What you return should be the entries, unchanged, without their pictures.

═════ RECORDS ═════

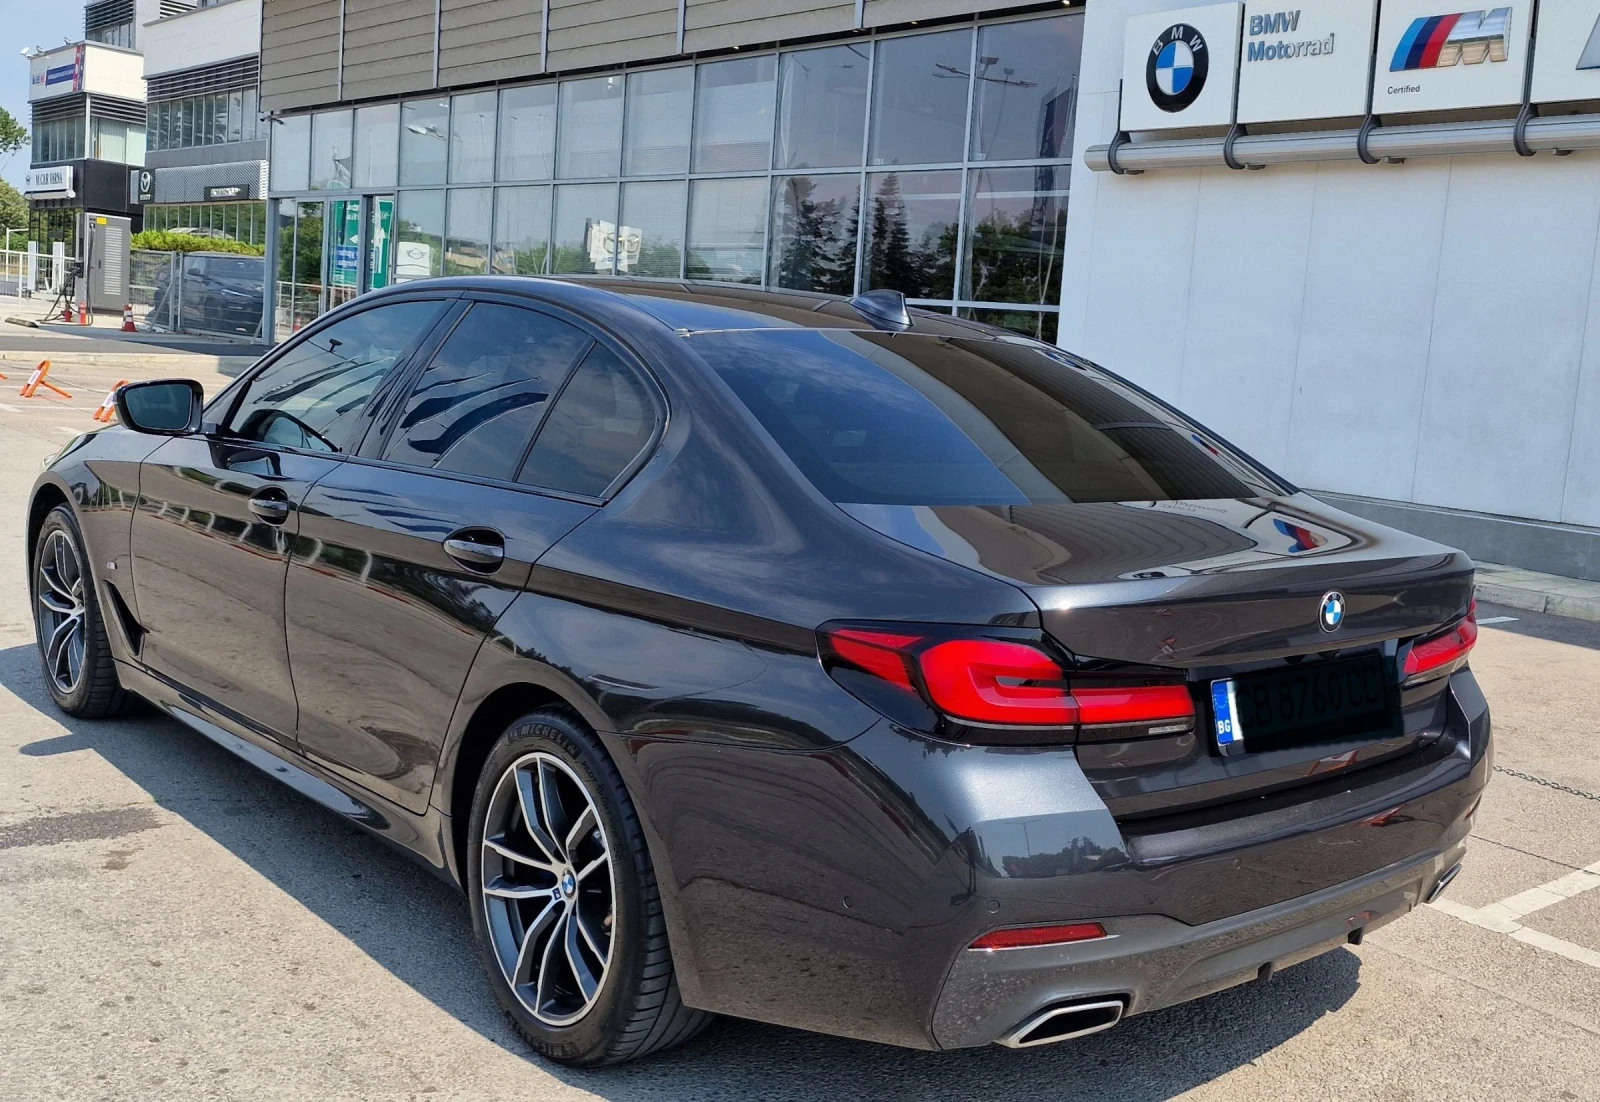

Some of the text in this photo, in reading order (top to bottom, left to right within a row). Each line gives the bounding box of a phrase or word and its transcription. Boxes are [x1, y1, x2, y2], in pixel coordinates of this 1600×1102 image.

[1249, 10, 1301, 36] BMW
[1152, 25, 1204, 56] BMW
[1247, 32, 1335, 62] Motorrad
[1387, 84, 1421, 95] Certified
[1217, 719, 1232, 735] BG
[520, 723, 581, 760] MICHELIN
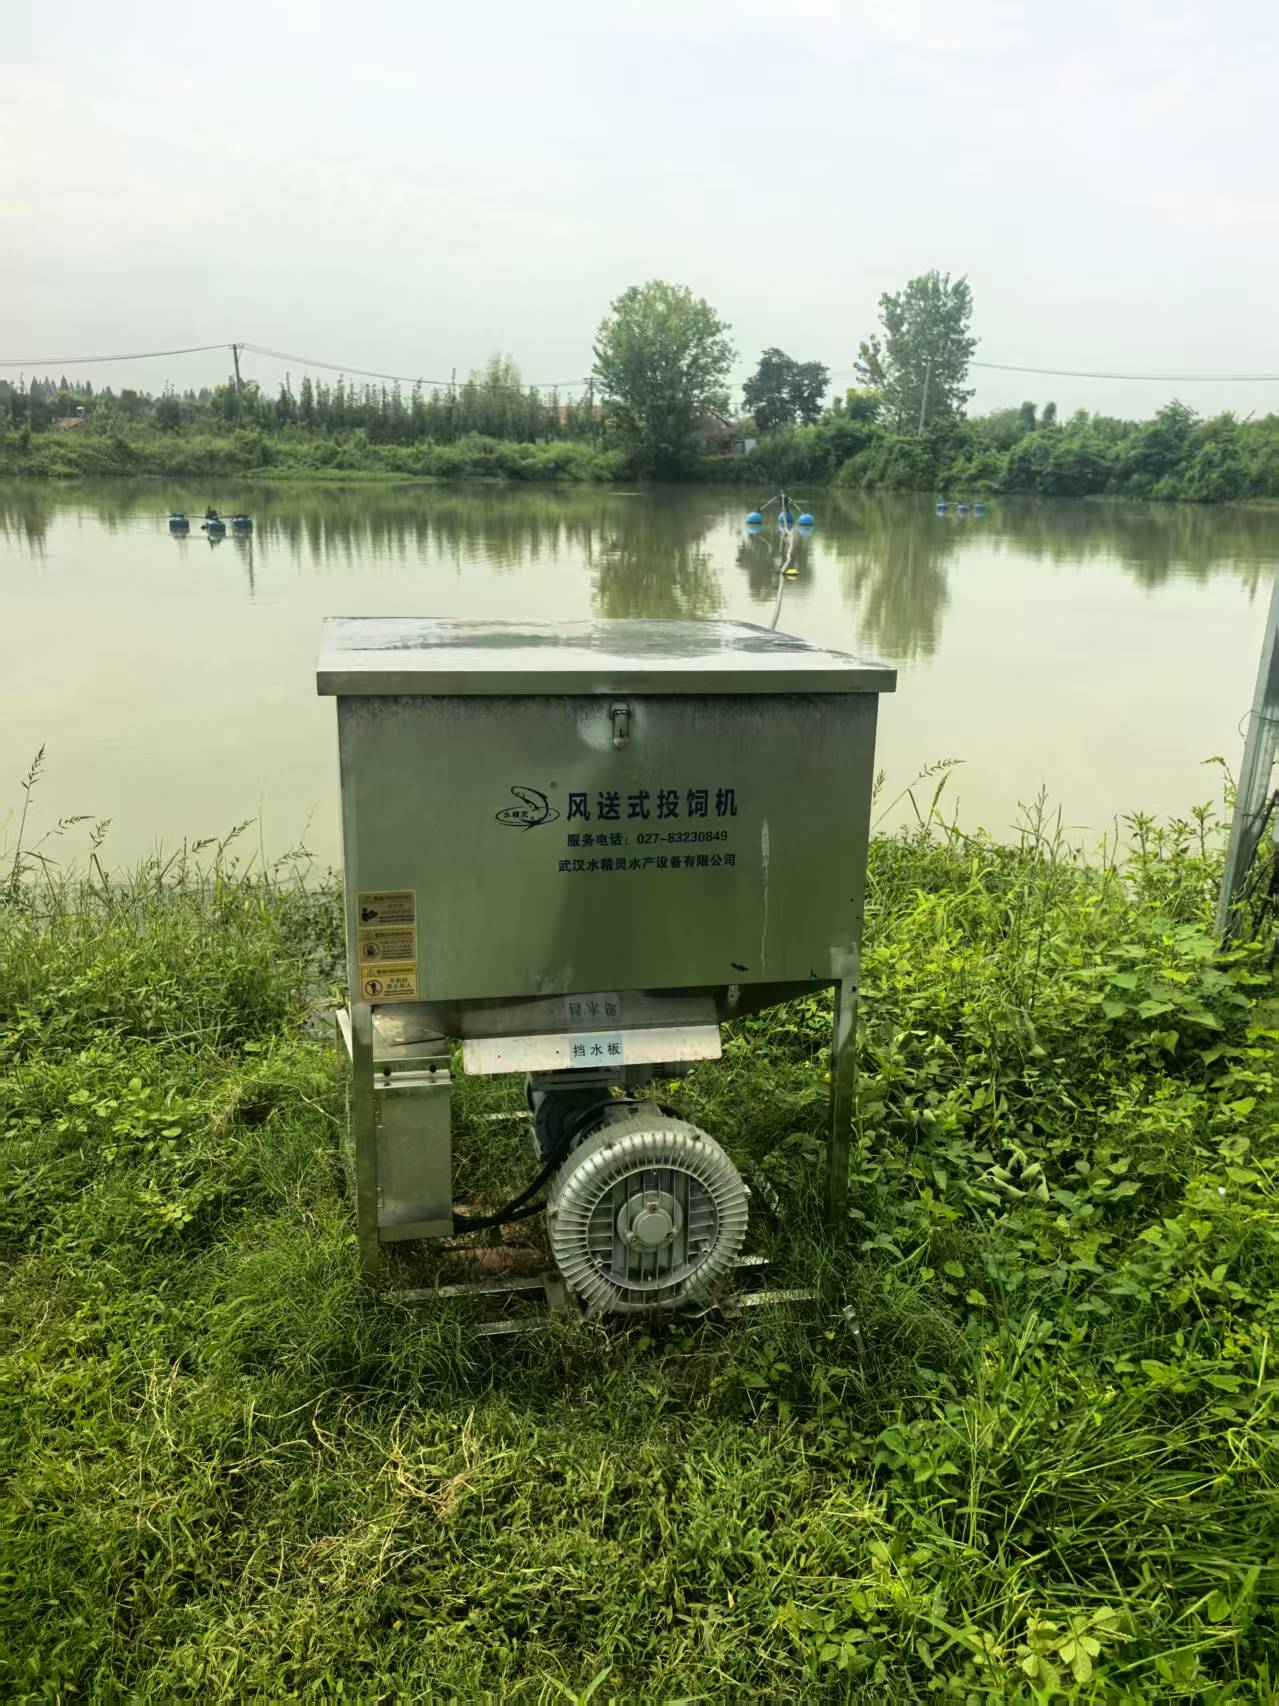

═════

§ SOLUTION TO THE EXERCISE:
Some of the text in this photo, in reading order (top to bottom, left to right within a row). Each line gives the bounding box of a phrase or word and its transcription. Boxes are [x1, y1, x2, y2], in pixel coordinates of this 1600×1102 image.

[1249, 10, 1301, 36] BMW
[1152, 25, 1204, 56] BMW
[1247, 32, 1335, 62] Motorrad
[1387, 84, 1421, 95] Certified
[1217, 719, 1232, 735] BG
[520, 723, 581, 760] MICHELIN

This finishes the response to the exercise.